## Exercise description
When a record holds a picture, leave the picture out and copy everything else exactly.

%%

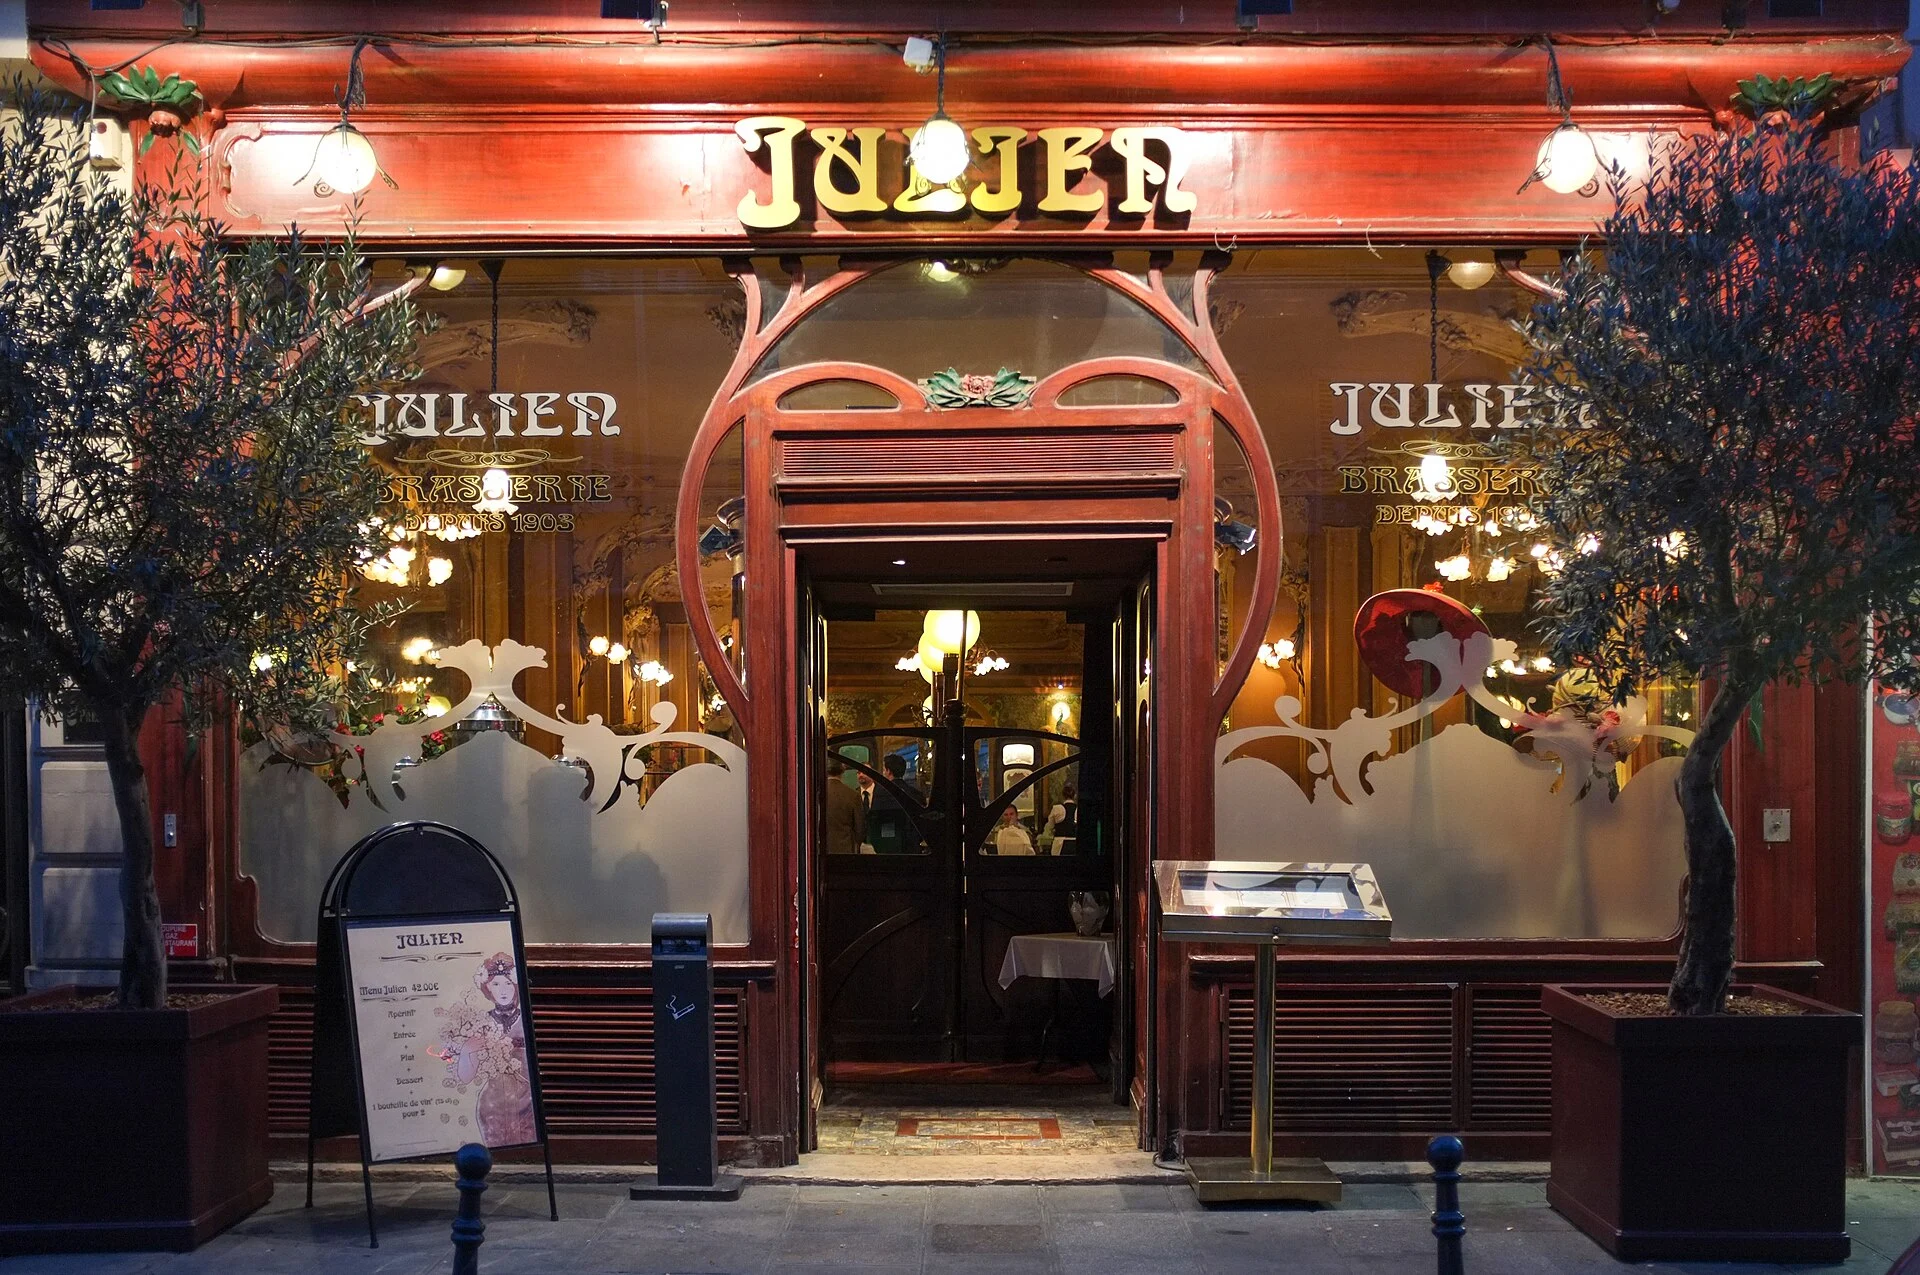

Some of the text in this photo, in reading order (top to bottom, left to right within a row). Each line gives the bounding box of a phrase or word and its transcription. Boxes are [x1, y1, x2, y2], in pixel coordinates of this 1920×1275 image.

[734, 116, 1197, 229] JULIEN
[349, 392, 621, 446] JULIEN
[1338, 466, 1546, 496] BRASSER
[1375, 505, 1535, 528] DEPUIS 190
[405, 513, 575, 533] DEPUIS 1903
[160, 925, 187, 933] OUPURE
[164, 939, 195, 947] STAURANT
[396, 932, 464, 949] JULIEN
[359, 986, 382, 996] Menu
[383, 985, 407, 995] Julien
[400, 1054, 415, 1062] Plat
[396, 1076, 423, 1086] Dessert
[377, 1099, 408, 1111] bouteille
[409, 1099, 419, 1108] de
[402, 1110, 419, 1120] pour
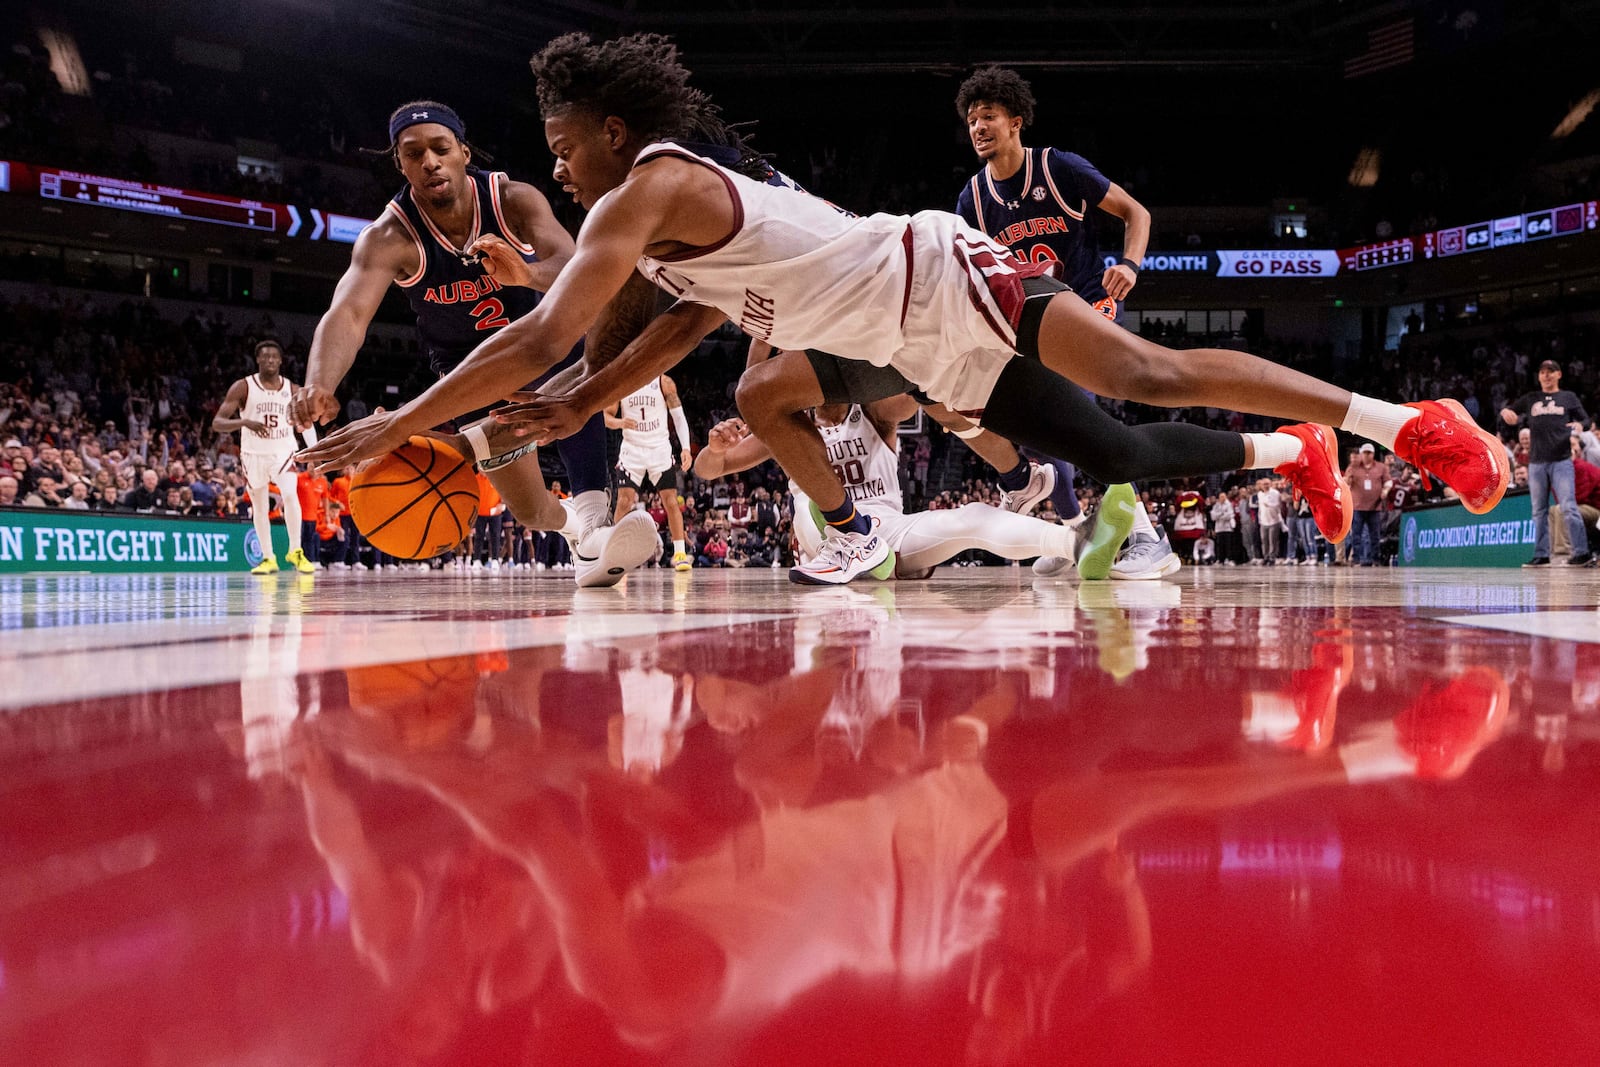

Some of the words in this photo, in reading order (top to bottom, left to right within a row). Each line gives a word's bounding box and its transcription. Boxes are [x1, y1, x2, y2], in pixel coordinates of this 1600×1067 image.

[1527, 218, 1552, 234] 64
[1467, 230, 1489, 245] 63
[1140, 256, 1208, 271] MONTH
[1242, 252, 1314, 260] GAMECOCK
[1235, 260, 1264, 274] GO
[1270, 260, 1323, 274] PASS
[424, 275, 503, 304] AUBU
[469, 297, 510, 330] 2
[256, 402, 285, 415] SOUTH
[629, 396, 656, 408] SOUTH
[263, 414, 278, 428] 15
[640, 407, 645, 421] 1
[1393, 490, 1405, 507] 9
[1418, 529, 1434, 548] OLD
[1434, 525, 1477, 548] DOMINION
[1478, 521, 1520, 545] FREIGHT
[33, 527, 165, 561] FREIGHT
[172, 532, 229, 561] LINE

%%

## Your response
Some of the text in this photo, in reading order (top to bottom, left to right within a row). Each line gives the bounding box of a phrase or word and its transcription. Boxes are [x1, y1, x2, y2], in pixel coordinates of this 1920×1275 image.

[734, 116, 1197, 229] JULIEN
[349, 392, 621, 446] JULIEN
[1338, 466, 1546, 496] BRASSER
[1375, 505, 1535, 528] DEPUIS 190
[405, 513, 575, 533] DEPUIS 1903
[160, 925, 187, 933] OUPURE
[164, 939, 195, 947] STAURANT
[396, 932, 464, 949] JULIEN
[359, 986, 382, 996] Menu
[383, 985, 407, 995] Julien
[400, 1054, 415, 1062] Plat
[396, 1076, 423, 1086] Dessert
[377, 1099, 408, 1111] bouteille
[409, 1099, 419, 1108] de
[402, 1110, 419, 1120] pour

Some of the words in this photo, in reading order (top to bottom, left to right within a row). Each line gives a word's bounding box and its transcription. Boxes are [x1, y1, x2, y2], in pixel coordinates of this 1600×1067 image.

[1527, 218, 1552, 234] 64
[1467, 230, 1489, 245] 63
[1140, 256, 1208, 271] MONTH
[1242, 252, 1314, 260] GAMECOCK
[1235, 260, 1264, 274] GO
[1270, 260, 1323, 274] PASS
[424, 275, 503, 304] AUBU
[469, 297, 510, 330] 2
[256, 402, 285, 415] SOUTH
[629, 396, 656, 408] SOUTH
[263, 414, 278, 428] 15
[640, 407, 645, 421] 1
[1393, 490, 1405, 507] 9
[1418, 529, 1434, 548] OLD
[1434, 525, 1477, 548] DOMINION
[1478, 521, 1520, 545] FREIGHT
[33, 527, 165, 561] FREIGHT
[172, 532, 229, 561] LINE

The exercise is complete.